* TASK TO COMPLETE: Leave out every line before the one that contains "this 2356×1568 image.". Please restate that line and the rest of the data word for word, through the end.

---------- DATA RECORDS

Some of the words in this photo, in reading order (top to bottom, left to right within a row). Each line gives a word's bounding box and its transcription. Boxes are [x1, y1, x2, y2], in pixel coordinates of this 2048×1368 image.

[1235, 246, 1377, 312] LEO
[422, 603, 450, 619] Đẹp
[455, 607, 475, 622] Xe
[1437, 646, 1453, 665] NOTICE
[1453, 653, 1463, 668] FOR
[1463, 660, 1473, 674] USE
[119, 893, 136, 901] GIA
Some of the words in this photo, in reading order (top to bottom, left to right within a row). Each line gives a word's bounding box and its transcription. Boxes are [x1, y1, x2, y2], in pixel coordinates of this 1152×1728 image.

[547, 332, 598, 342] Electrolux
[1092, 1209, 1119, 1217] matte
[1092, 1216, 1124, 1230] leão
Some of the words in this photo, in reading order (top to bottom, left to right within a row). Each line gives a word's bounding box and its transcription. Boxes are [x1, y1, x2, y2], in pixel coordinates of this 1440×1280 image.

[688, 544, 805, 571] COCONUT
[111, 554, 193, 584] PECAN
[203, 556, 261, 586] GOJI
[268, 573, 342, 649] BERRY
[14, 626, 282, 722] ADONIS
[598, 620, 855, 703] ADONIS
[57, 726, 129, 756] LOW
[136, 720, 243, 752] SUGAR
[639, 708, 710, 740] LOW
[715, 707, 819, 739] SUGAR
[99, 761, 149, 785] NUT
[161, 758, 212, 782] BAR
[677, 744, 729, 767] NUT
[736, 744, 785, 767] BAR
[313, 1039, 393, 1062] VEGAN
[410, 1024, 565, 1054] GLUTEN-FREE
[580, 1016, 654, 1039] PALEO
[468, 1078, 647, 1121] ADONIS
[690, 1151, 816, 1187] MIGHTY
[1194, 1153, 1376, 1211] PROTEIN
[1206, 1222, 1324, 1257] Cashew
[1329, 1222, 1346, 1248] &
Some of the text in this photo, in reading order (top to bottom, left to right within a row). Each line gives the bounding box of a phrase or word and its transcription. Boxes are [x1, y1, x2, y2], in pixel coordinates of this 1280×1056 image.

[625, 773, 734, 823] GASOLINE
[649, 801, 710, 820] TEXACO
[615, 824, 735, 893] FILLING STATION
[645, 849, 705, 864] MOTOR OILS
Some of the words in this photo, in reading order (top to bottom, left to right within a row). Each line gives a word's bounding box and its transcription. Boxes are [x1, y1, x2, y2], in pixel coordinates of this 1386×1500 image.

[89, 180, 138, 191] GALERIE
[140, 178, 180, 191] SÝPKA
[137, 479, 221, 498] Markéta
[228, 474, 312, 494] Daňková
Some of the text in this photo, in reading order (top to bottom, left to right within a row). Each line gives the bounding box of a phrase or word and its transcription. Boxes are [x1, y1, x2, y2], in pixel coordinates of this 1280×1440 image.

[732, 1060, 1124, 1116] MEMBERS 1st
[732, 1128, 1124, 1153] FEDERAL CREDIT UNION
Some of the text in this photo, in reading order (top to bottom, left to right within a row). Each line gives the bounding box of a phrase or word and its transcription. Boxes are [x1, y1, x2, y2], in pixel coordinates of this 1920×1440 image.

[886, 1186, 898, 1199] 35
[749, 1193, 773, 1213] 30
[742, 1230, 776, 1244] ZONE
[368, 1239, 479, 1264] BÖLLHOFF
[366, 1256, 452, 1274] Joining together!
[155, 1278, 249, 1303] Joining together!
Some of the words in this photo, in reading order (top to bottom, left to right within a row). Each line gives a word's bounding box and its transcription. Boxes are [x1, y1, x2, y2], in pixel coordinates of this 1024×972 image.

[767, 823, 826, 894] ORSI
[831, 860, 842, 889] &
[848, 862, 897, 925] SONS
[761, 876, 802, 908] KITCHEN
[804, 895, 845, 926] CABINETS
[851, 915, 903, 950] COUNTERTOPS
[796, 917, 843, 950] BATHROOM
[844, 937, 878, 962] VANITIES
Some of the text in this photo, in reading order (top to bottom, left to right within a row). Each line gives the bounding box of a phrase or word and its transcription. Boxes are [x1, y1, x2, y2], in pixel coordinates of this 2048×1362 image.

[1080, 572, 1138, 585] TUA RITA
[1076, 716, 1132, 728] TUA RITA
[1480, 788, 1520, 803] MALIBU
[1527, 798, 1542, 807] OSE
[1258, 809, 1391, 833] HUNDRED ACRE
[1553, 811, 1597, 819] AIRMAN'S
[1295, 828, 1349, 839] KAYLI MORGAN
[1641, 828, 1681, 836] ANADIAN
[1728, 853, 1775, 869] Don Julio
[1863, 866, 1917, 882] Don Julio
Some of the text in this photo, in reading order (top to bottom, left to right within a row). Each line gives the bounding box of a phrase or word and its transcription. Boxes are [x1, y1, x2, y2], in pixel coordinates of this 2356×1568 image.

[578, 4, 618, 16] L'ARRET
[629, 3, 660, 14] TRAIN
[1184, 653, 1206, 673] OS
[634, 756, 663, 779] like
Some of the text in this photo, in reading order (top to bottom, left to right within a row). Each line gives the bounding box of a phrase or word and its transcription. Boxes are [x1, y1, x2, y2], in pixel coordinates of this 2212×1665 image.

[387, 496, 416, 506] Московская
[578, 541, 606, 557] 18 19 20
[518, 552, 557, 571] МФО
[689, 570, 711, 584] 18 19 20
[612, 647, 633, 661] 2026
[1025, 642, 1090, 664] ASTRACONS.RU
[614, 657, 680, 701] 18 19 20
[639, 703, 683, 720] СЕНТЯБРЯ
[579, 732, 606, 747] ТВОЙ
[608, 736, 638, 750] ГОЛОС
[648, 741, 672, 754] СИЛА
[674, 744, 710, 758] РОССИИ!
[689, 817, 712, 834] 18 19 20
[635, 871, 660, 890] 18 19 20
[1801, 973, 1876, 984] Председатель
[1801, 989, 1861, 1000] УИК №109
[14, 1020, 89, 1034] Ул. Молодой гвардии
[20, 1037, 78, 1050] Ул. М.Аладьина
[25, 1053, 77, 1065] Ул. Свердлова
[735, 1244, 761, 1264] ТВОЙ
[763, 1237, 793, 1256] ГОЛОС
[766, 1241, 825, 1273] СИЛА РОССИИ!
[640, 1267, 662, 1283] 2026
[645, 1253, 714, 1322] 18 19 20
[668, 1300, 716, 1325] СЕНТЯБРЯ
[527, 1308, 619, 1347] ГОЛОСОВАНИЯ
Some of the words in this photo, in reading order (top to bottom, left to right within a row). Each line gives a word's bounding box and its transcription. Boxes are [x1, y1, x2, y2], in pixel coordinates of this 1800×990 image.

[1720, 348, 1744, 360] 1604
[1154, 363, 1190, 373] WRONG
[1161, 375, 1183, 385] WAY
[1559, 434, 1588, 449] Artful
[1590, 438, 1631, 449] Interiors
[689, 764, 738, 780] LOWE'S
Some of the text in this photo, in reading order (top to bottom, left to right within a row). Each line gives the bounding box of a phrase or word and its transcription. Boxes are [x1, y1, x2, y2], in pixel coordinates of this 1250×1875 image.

--------------------

* TASK SOLUTION:
Some of the text in this photo, in reading order (top to bottom, left to right within a row). Each line gives the bounding box of a phrase or word and its transcription. Boxes are [x1, y1, x2, y2], in pixel coordinates of this 2356×1568 image.

[578, 4, 618, 16] L'ARRET
[629, 3, 660, 14] TRAIN
[1184, 653, 1206, 673] OS
[634, 756, 663, 779] like
Some of the text in this photo, in reading order (top to bottom, left to right within a row). Each line gives the bounding box of a phrase or word and its transcription. Boxes are [x1, y1, x2, y2], in pixel coordinates of this 2212×1665 image.

[387, 496, 416, 506] Московская
[578, 541, 606, 557] 18 19 20
[518, 552, 557, 571] МФО
[689, 570, 711, 584] 18 19 20
[612, 647, 633, 661] 2026
[1025, 642, 1090, 664] ASTRACONS.RU
[614, 657, 680, 701] 18 19 20
[639, 703, 683, 720] СЕНТЯБРЯ
[579, 732, 606, 747] ТВОЙ
[608, 736, 638, 750] ГОЛОС
[648, 741, 672, 754] СИЛА
[674, 744, 710, 758] РОССИИ!
[689, 817, 712, 834] 18 19 20
[635, 871, 660, 890] 18 19 20
[1801, 973, 1876, 984] Председатель
[1801, 989, 1861, 1000] УИК №109
[14, 1020, 89, 1034] Ул. Молодой гвардии
[20, 1037, 78, 1050] Ул. М.Аладьина
[25, 1053, 77, 1065] Ул. Свердлова
[735, 1244, 761, 1264] ТВОЙ
[763, 1237, 793, 1256] ГОЛОС
[766, 1241, 825, 1273] СИЛА РОССИИ!
[640, 1267, 662, 1283] 2026
[645, 1253, 714, 1322] 18 19 20
[668, 1300, 716, 1325] СЕНТЯБРЯ
[527, 1308, 619, 1347] ГОЛОСОВАНИЯ
Some of the words in this photo, in reading order (top to bottom, left to right within a row). Each line gives a word's bounding box and its transcription. Boxes are [x1, y1, x2, y2], in pixel coordinates of this 1800×990 image.

[1720, 348, 1744, 360] 1604
[1154, 363, 1190, 373] WRONG
[1161, 375, 1183, 385] WAY
[1559, 434, 1588, 449] Artful
[1590, 438, 1631, 449] Interiors
[689, 764, 738, 780] LOWE'S
Some of the text in this photo, in reading order (top to bottom, left to right within a row). Each line gives the bounding box of a phrase or word and its transcription. Boxes are [x1, y1, x2, y2], in pixel coordinates of this 1250×1875 image.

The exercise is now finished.